And so I’m on payroll, but it’s nominal. It’s enough to pay for my health care and pay for taxes and all that kind of stuff. I managed to pay back 75 percent of the money that I had put in. And now I have a little nest egg, and I can pay myself back. I have a couple other things I need to deal with. But the second quarter is where I’m going to be looking at my P&L and going, “Oh, well, I can actually pay myself a salary.” Do I do that? Or do I take withdrawals? I’m kind of in this decision space right now.

Paul Downs:
In my situation, there’s not much difference between—in terms of the taxes—whether I pay myself a salary or pay myself out the other end. There’s less money in my pocket if I pay myself from the draw, because as I said, I’ve gotta split it with somebody.

Laura Zander:
Our approach has just always been—because we’ve had some bad years—keeping our salary at a level that doesn’t tax the business and gives us flexibility.

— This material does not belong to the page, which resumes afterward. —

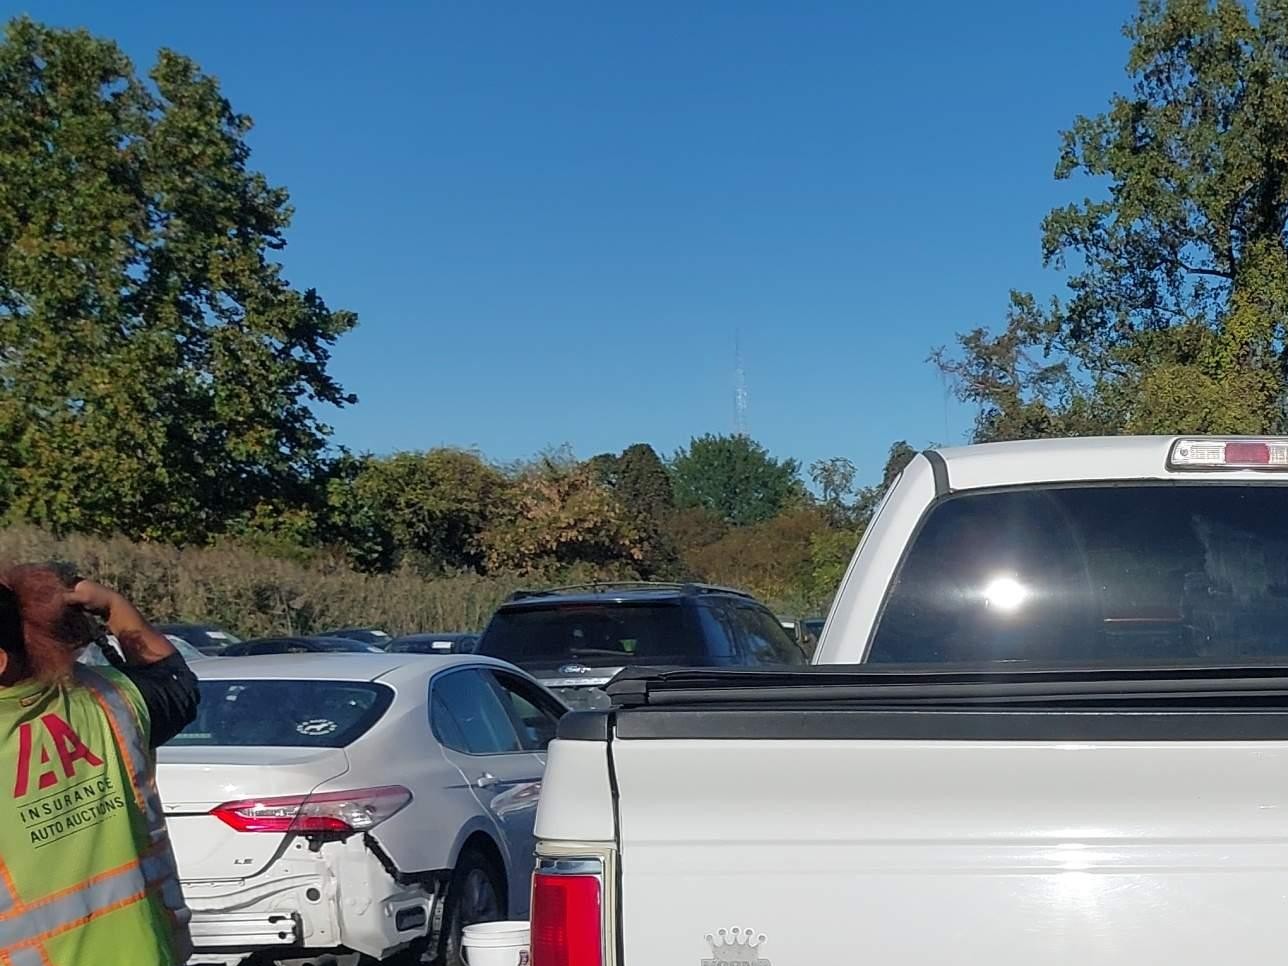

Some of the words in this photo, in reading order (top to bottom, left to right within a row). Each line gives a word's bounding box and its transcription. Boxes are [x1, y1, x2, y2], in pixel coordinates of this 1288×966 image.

[20, 777, 114, 823] INSURANCE
[30, 821, 64, 843] AUTO
[66, 796, 125, 829] AUCTIONS

So, yeah, we pay ourselves a salary for accounting reasons and for tax reasons, but we’ve talked about increasing it.

I don’t know, we just would rather have the flexibility of giving ourselves the draw if that money is there, versus being tied to a salary and all of a sudden you have a bad year. And then we’re super stressed out because we’re not profitable, and maybe we have to kick more money in because we paid ourselves too much in the salary, and all that kind of stuff. So we’ve taken a really gradual approach to increasing it. I don’t know if that’s helpful at all, but we’ve been very conservative.

Paul Downs:
I’m curious about your use of the word “tied” to a salary. I mean, you guys are the decision makers. You can change it whenever you feel like it, can’t you?

Laura Zander:
We can. But I mean, there’s still the emotional side of that, and the like, “Oh my God, I need to cut my pay.” I don’t know, that just feels like it’s just easier, emotionally, I guess.

Paul Downs:
I started off this year, with my salary at 280 grand a year. I’m pretty happy with that. And then looking at the lack of sales and the cash that we’re not getting, but still wanting to maintain the marketing efforts and some equipment purchases, I just cut it to 100 grand a year. So like, okay, I just freed up $180,000 in my budget. And if I need to cut it again, I’ll just do it.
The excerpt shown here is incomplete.